We applaud countries that are beginning to stand up to U.S. sanctions and work around the U.S. financial system to help countries like Iran and Venezuela. These are positive steps to end U.S. hegemony. We agree with President Rouhani of Iran, it is our responsibility to remake the government so it reflects the best of us.
An immediate step is to end U.S. sanctions. Join us in the Sanctions Kill campaign where the coalition will be organizing webinars and other events to end illegal unilateral coercive measures. There will be an international week of action against imperialism and sanctions from May 25 to 31. We will need to be especially creative to build an effective campaign with tactics that work in this time of physical distancing.

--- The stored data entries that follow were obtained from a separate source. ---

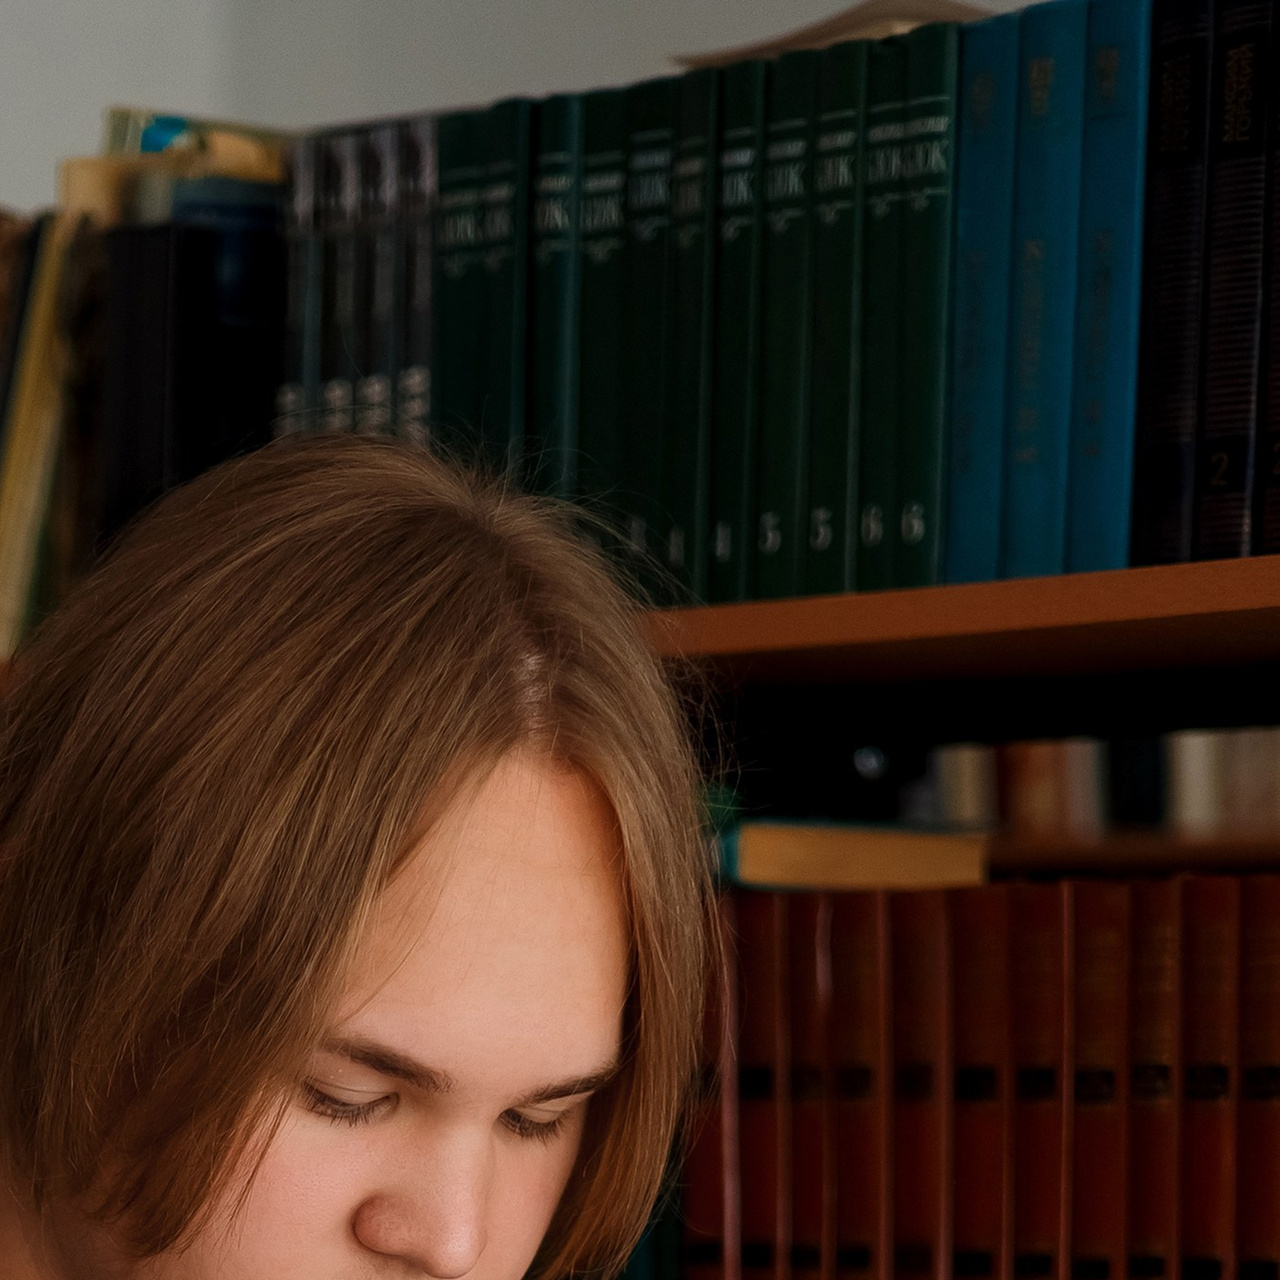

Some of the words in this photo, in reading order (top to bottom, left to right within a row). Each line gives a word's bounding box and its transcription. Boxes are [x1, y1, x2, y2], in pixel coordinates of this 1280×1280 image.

[1222, 47, 1238, 143] МАКСИМ
[1237, 42, 1255, 142] ГОРЬКИЙ
[1209, 450, 1230, 486] 2
[758, 511, 781, 556] 5
[809, 506, 833, 551] 5
[901, 500, 925, 545] 6

We must also take action now to stop the war on Venezuela. Join the webinar with Carlos Ron, vice foreign minister of Venezuela on Monday night at 6:00 pm Eastern. Click here for information. Sign onto this demand that the U.S. drop its charges against President Maduro and other Venezuelan officials who have been falsely charged with narco-trafficking. We must be ready to mobilize quickly if the U.S. moves to attack Venezuela, or Iran or any country for that matter while the government believes we are distracted by the pandemic.
We are living in a time of crisis and that can be unnerving. But we have the power to get through this if we mobilize together with a clear vision of the world we wish to create and show our solidarity with each other through our actions. We are one human community and we need each other to get through the rough times ahead.